■ TASK TO CARRY OUT ■
Every record below is to be copied exactly, with its images omitted.

Data records
────────────────────────────────────────

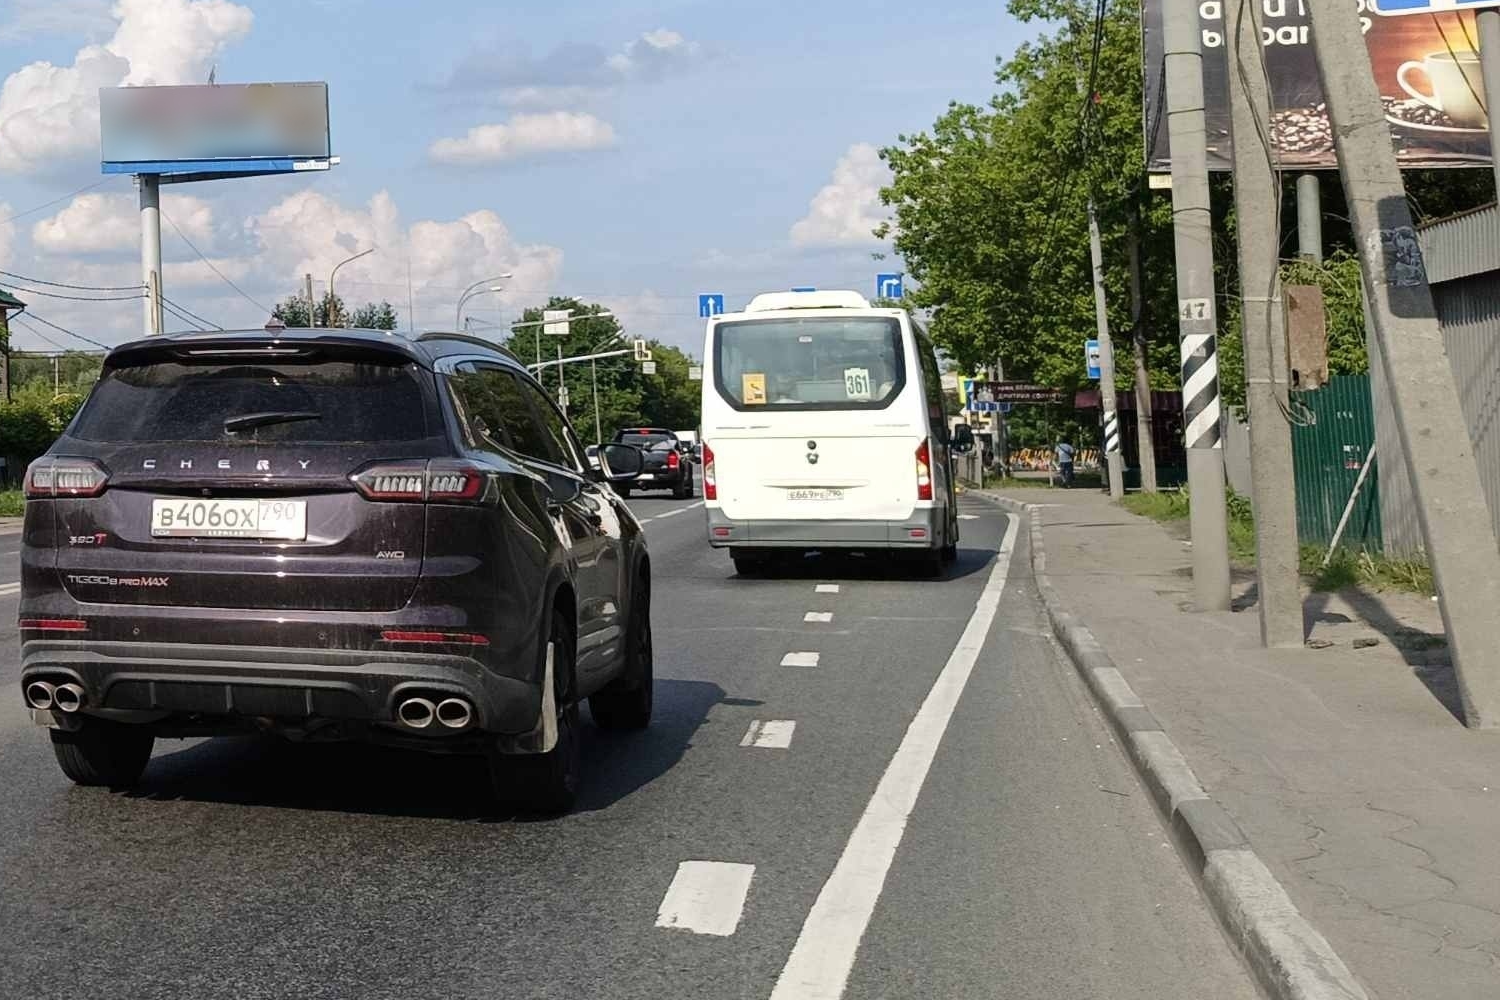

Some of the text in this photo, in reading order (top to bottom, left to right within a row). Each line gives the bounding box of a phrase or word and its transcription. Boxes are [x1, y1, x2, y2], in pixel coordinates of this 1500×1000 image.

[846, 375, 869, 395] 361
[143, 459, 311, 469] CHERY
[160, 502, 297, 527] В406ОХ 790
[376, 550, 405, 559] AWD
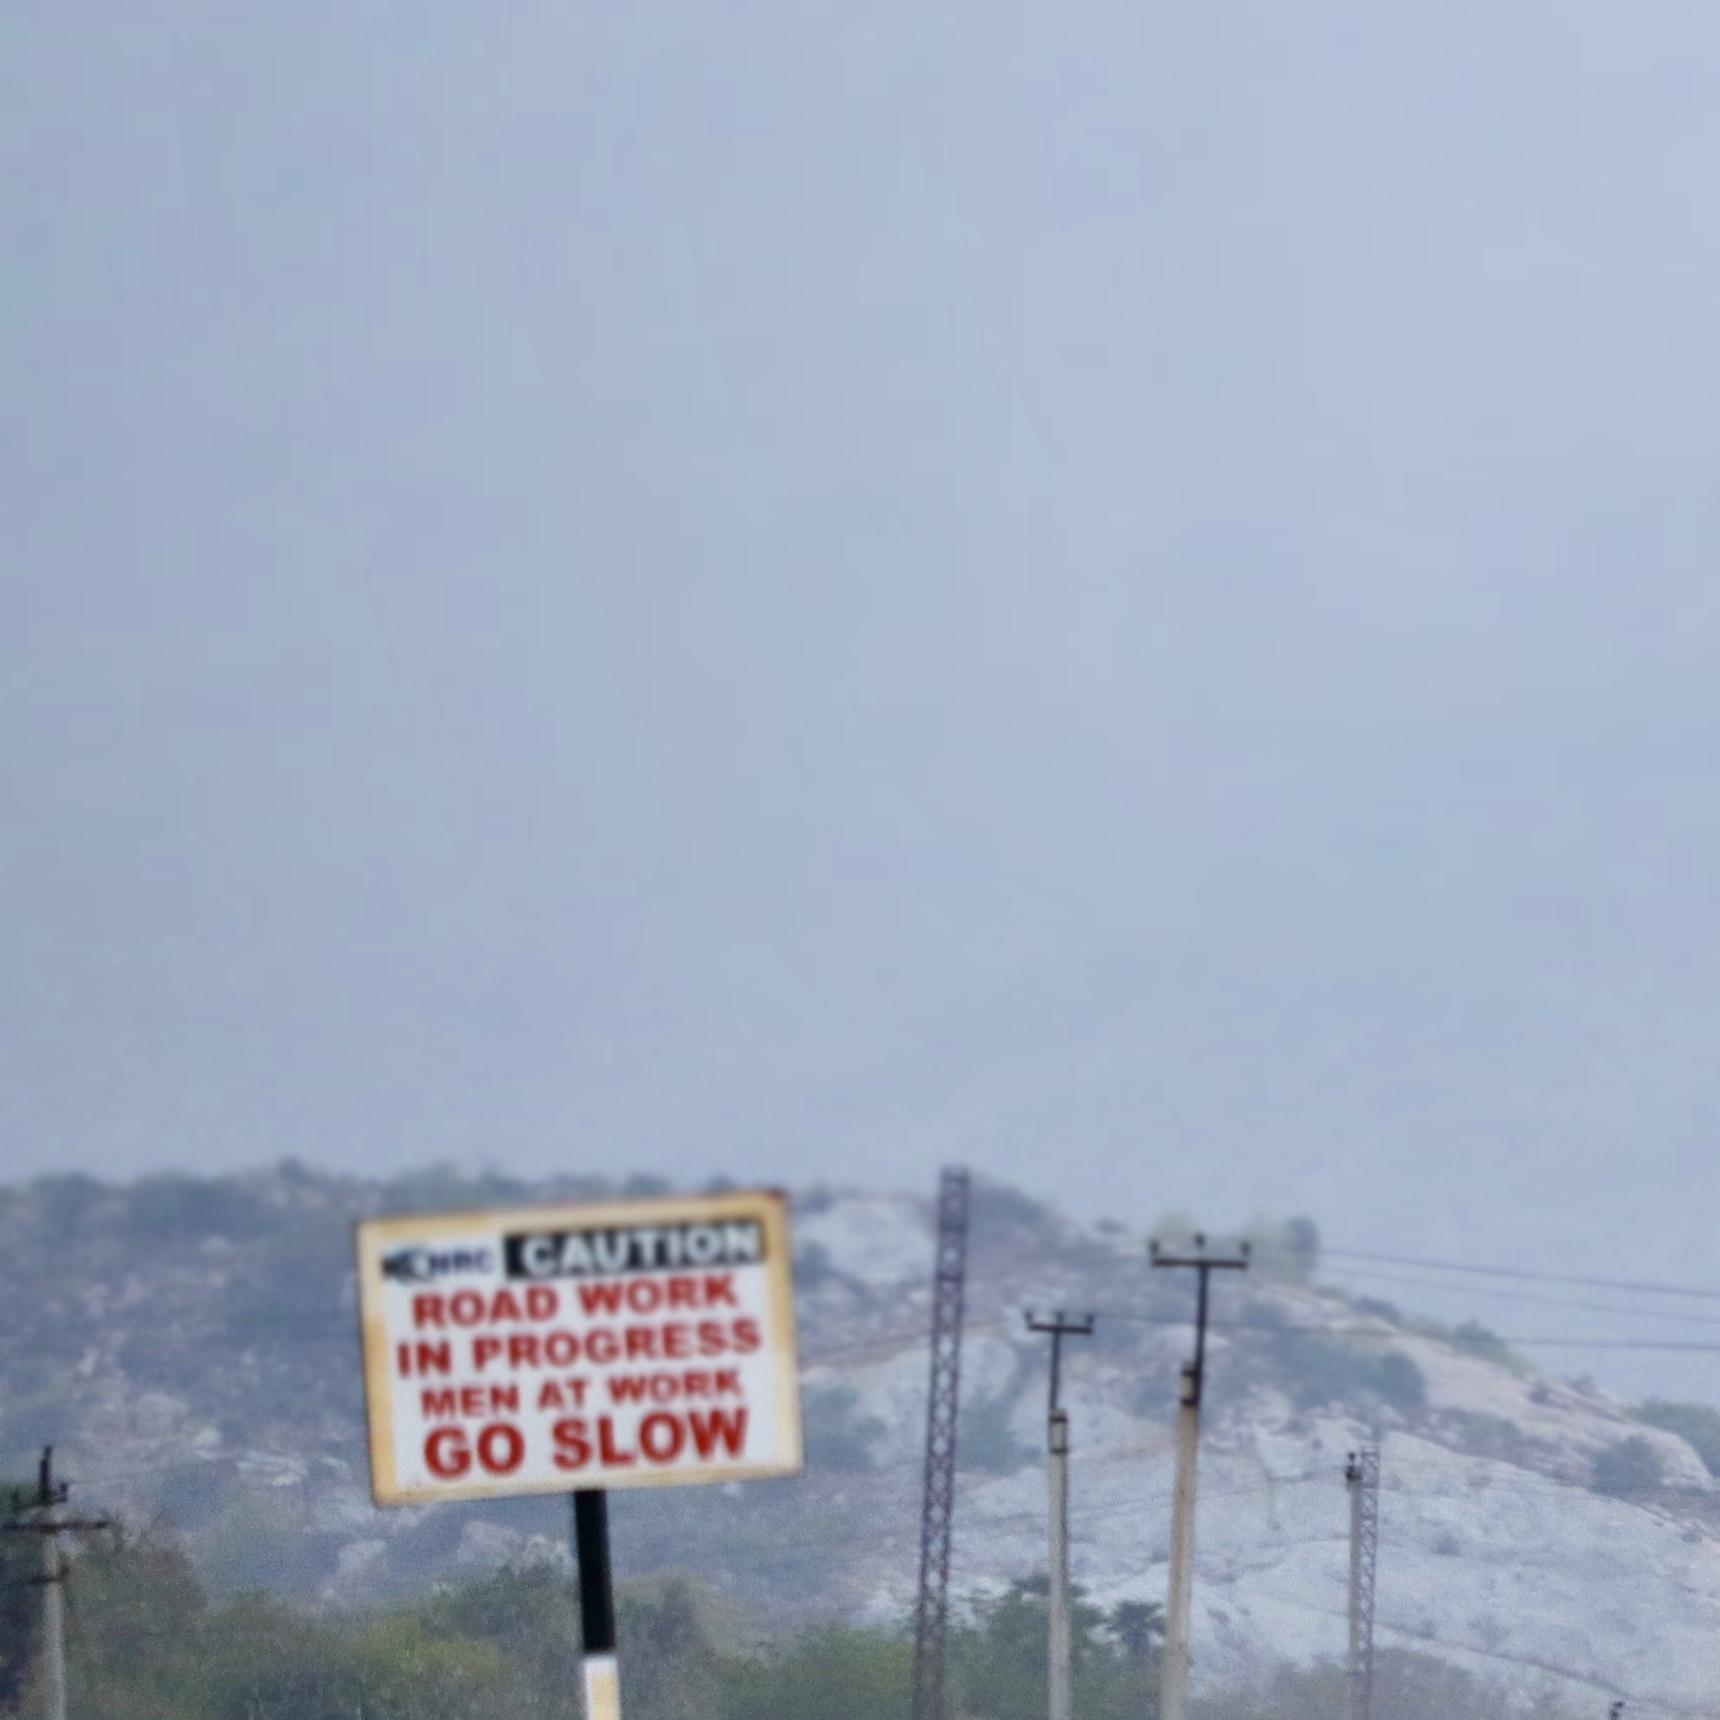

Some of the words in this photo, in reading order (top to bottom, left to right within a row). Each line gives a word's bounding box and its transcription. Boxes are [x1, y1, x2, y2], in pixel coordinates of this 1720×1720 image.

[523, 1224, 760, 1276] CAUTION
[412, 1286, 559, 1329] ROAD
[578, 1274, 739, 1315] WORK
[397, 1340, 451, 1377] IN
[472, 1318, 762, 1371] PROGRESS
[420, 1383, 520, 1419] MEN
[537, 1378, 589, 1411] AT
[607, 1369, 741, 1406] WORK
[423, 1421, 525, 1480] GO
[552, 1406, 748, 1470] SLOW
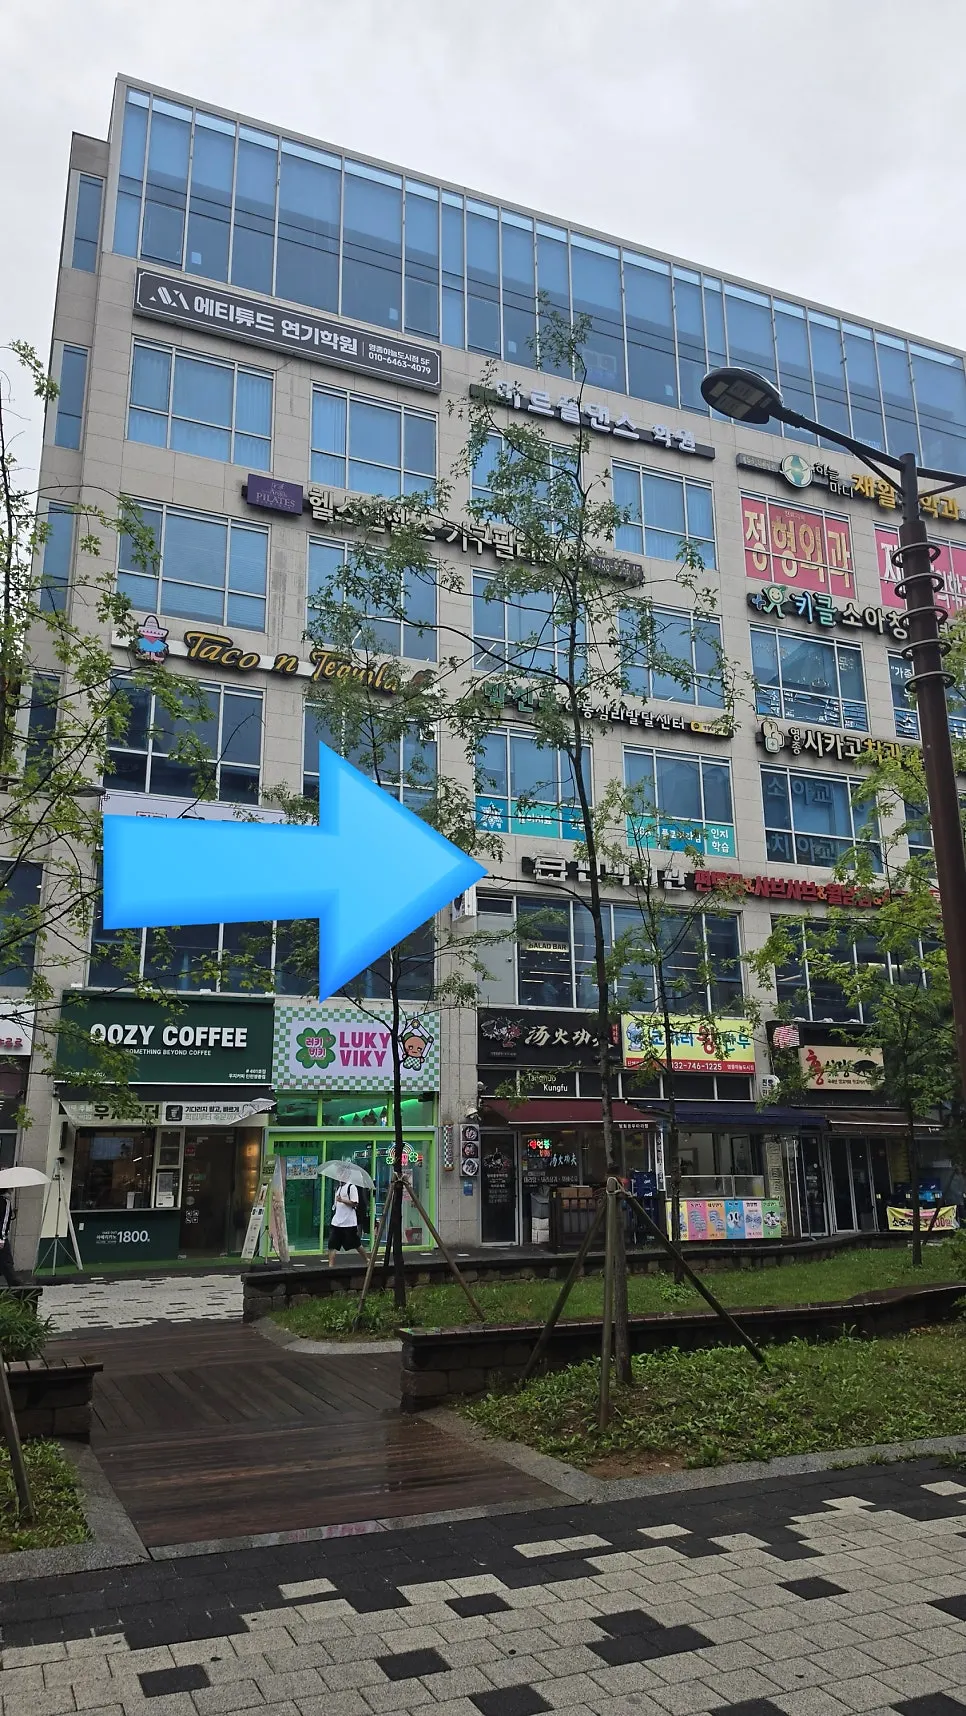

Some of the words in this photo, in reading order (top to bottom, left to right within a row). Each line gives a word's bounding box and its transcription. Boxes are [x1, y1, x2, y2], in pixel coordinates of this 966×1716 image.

────────────────────────────────────────

■ RESPONSE ■
Some of the text in this photo, in reading order (top to bottom, left to right within a row). Each line gives the bounding box of a phrase or word and its transcription. Boxes are [x1, y1, x2, y2], in pixel coordinates of this 1500×1000 image.

[846, 375, 869, 395] 361
[143, 459, 311, 469] CHERY
[160, 502, 297, 527] В406ОХ 790
[376, 550, 405, 559] AWD

Some of the words in this photo, in reading order (top to bottom, left to right within a row). Each line gives a word's bounding box and its transcription. Boxes are [x1, y1, x2, y2], in pixel coordinates of this 1720×1720 image.

[523, 1224, 760, 1276] CAUTION
[412, 1286, 559, 1329] ROAD
[578, 1274, 739, 1315] WORK
[397, 1340, 451, 1377] IN
[472, 1318, 762, 1371] PROGRESS
[420, 1383, 520, 1419] MEN
[537, 1378, 589, 1411] AT
[607, 1369, 741, 1406] WORK
[423, 1421, 525, 1480] GO
[552, 1406, 748, 1470] SLOW

Some of the words in this photo, in reading order (top to bottom, left to right within a row). Each line gives a word's bounding box and its transcription. Boxes are [x1, y1, x2, y2], in pixel coordinates of this 966×1716 image.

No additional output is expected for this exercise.